Allora, il punto è questo: sono riuscito finalmente a far partire X, dopo aver generato uno xorg.conf tramite mkxf86config emerso per la disperazione. Il problema ora è sistemarlo, perchè nonostante il driver nvidia funzioni, non mi viene caricato il dri e ho problemi con la risoluzione. Vi posto un po' di tutto poi ditemi voi.

make.conf:

 *Quote:*   

> # These settings were set by the catalyst build script that automatically
> 
> # built this stage.
> 
> # Please consult /usr/share/portage/config/make.conf.example for a more
> ...

 

un po' di parametri relativi a nvidia dal .config del kernel:

 *Quote:*   

> # CONFIG_FB_NVIDIA is not set
> 
> CONFIG_DRM=y
> 
> # CONFIG_DRM_TDFX is not set
> ...

 

l'ultimo /var/log/Xorg.0.log:

 *Quote:*   

> [   790.869] 
> 
> X.Org X Server 1.10.4
> 
> Release Date: 2011-08-19
> ...

 

e infine il /etc/X11/xorg.conf generato "da me":

 *Quote:*   

> Section "ServerLayout"
> 
> 	Identifier	"X.Org Configured"
> 
> 	Screen	0	"Screen0" 0 0
> ...

 

ora i problemi principali sono:

1) devo sistemare il xorg.conf relativamente ai font, c'è un modo "intelligente" per farlo o devo eliminare a mano tutte le linee che puntano a path inesistenti?

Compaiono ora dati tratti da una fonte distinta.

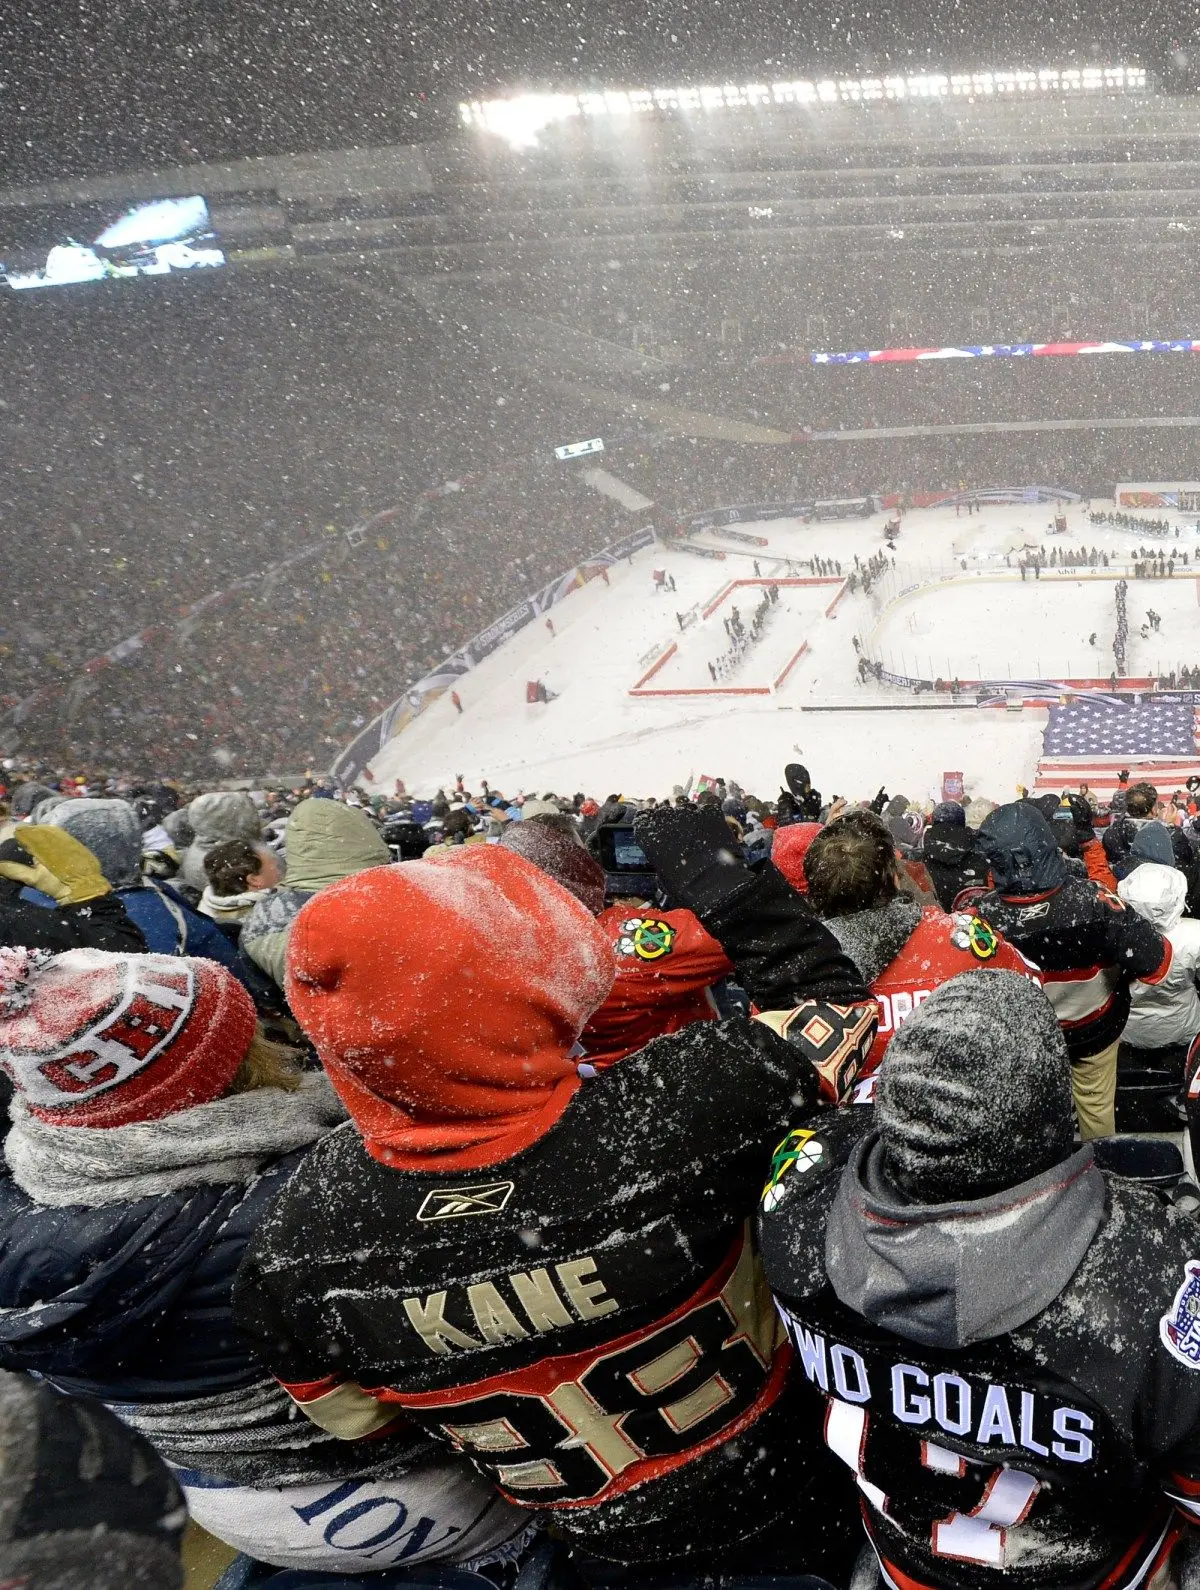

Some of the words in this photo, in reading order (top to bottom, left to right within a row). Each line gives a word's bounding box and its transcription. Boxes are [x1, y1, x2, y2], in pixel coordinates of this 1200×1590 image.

[402, 1256, 620, 1356] KANE
[400, 1295, 770, 1506] 88
[890, 1362, 1095, 1464] GOALS

2) non carica il modulo dri e non capisco perchè

3) la risoluzione è a 1024x768, se provo a cambiarla a 1920x1080 o anche 1680x1050 lo fa ma fa uscire le finestre fuori dal display, in pratica non cambia la risoluzione ma solo la "grandezza del display" che sfora dallo schermo. Inoltre non accetta risoluzioni a 32 bit che credo siano invece le mie, ho quindi lasciato a 24.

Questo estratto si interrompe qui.